Bei آیت الله روح الله موسوی خمینی ,der einmal ähnliches vorgeschlagen habe soll, soll - dem Gerücht entsprechend (da ich leider kein Zitat gefunden habe) - das Ziel dieser Nächstenliebeaktion sein, den Ungläubigen davon abzuhalten, mit jedem Tag des ungläubigen Lebens immer noch mehr Sünden auf sich zu laden. Ein früher Tod wäre also für das jenseitige Leben des Ungläubigen von Vorteil.

Und damit wäre auch der nächste Krieg gerettet, dank sei ....der Nächstenliebe!

星期六, 二月 17, 2007

Zeit fürs Wesentliche!

In unserer streßgeplagten Zeit fehlt oft die Zeit fürs Wesentliche.

Deswegen soll an dieser Stelle ein wenig Platz geschaffen werden. Platz für all die wichtigen Gedanken, die nicht zuendegedacht das zugemüllte Hirn plagen, Platz von all dem Frust, der sich über all die Jahre aufgestaut hat, Platz für die pure, rohe Gewalt!

Wer wieder richtig durchatmen möchte, sich also Luft von allem schaffen möchte, der nehme sich doch einfach ein wenig Zeit für sich selbst, gehe in sich und folge dem Pfad der Erlösung!

Und damit rettet ihr euch heute selbst den Tag, dank sei ......dem Pfad der Erlösung!

星期五, 一月 19, 2007

Beef!?

Wieder ein Post, der sich wider jede Erwartung um Nahrungsmittel, und/oder Nahrungsmittelästhetik dreht - das sollt hiermit zur Genüge behandelt sein.

Nein!
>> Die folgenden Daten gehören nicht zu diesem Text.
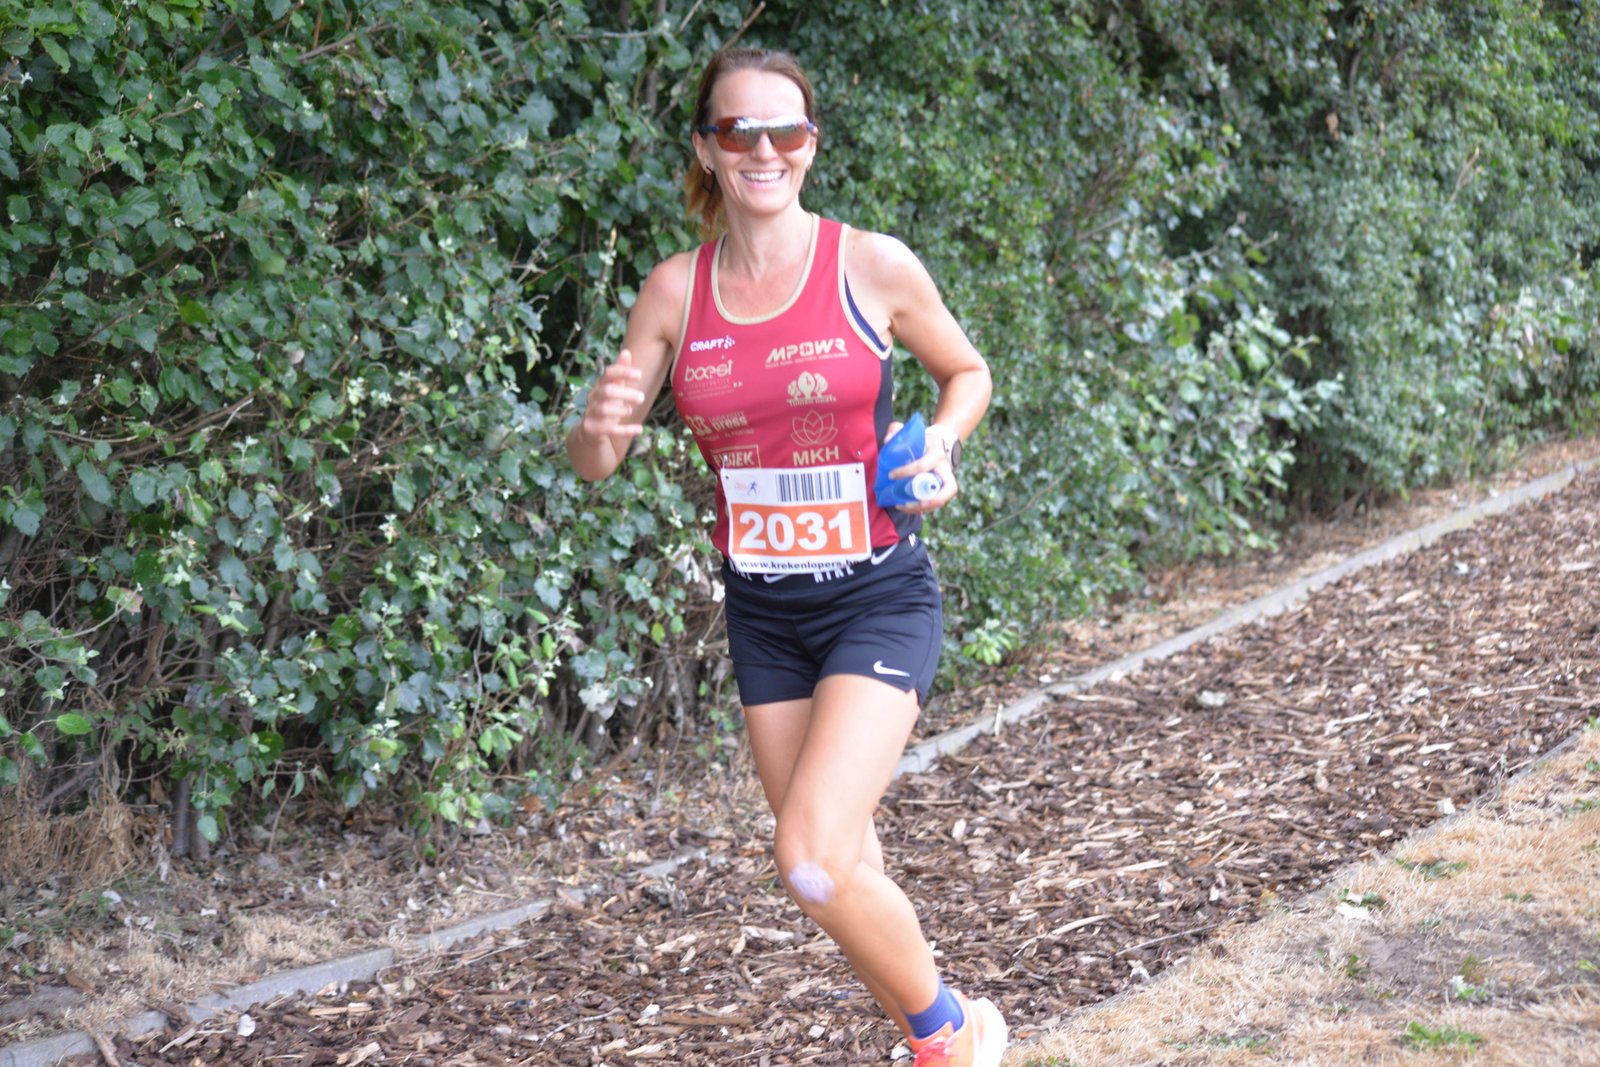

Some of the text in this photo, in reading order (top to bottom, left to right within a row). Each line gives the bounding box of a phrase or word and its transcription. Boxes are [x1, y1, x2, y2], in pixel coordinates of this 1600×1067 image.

[690, 338, 724, 352] CRAFT
[765, 336, 847, 363] MPOWR
[792, 446, 839, 466] MKH
[738, 509, 853, 551] 2031
[741, 559, 860, 570] www.krekenlopers.be
Er bzw. er meinte im Komentar hierzu einen Beef zwischen ihm und mir zu entdecken.

Weit gefehlt sag ich da nur: Das Einzige, was hier passierte, ist ein winzig kleiner Battle zwischen ihm und mir. Wir wollten uns also nur ein kleines wenig dissen - aber alles ganz lieb und nett.

Blödsinn! An diesem ganzen Gedisse und Gebattle´e ist nix dran, und von einem Beef kann nun wirklich nicht die Rede sein, denn im wörtlichen Sinne hat er ja ganz recht, wenn er schreibt: "Eigentliches Thema? IIRC stand in der Blogbeschreibung noch nie sowas wie "Alles rund um die PPGs"..." - Stand und steht da ja auch nicht! Und wer verkennt, daß es recht offensichtlich ist, daß die Powerpuff Girls das große Thema dieses Blogs sind, hm, dem kann ich leider nicht helfen - nix für ungut.

Alles in Allem hab ich zur Zeit einfach mal wieder genügend von eben dieser. Und dann auch noch wieder Internet! Und so kann ich meinen Blog mit mehr oder weniger sinnigen Einträgen zupflastern.

Und damit wäre auch dieser Tag kampflos gerettet, dank sei ......dem Blogpazifismus!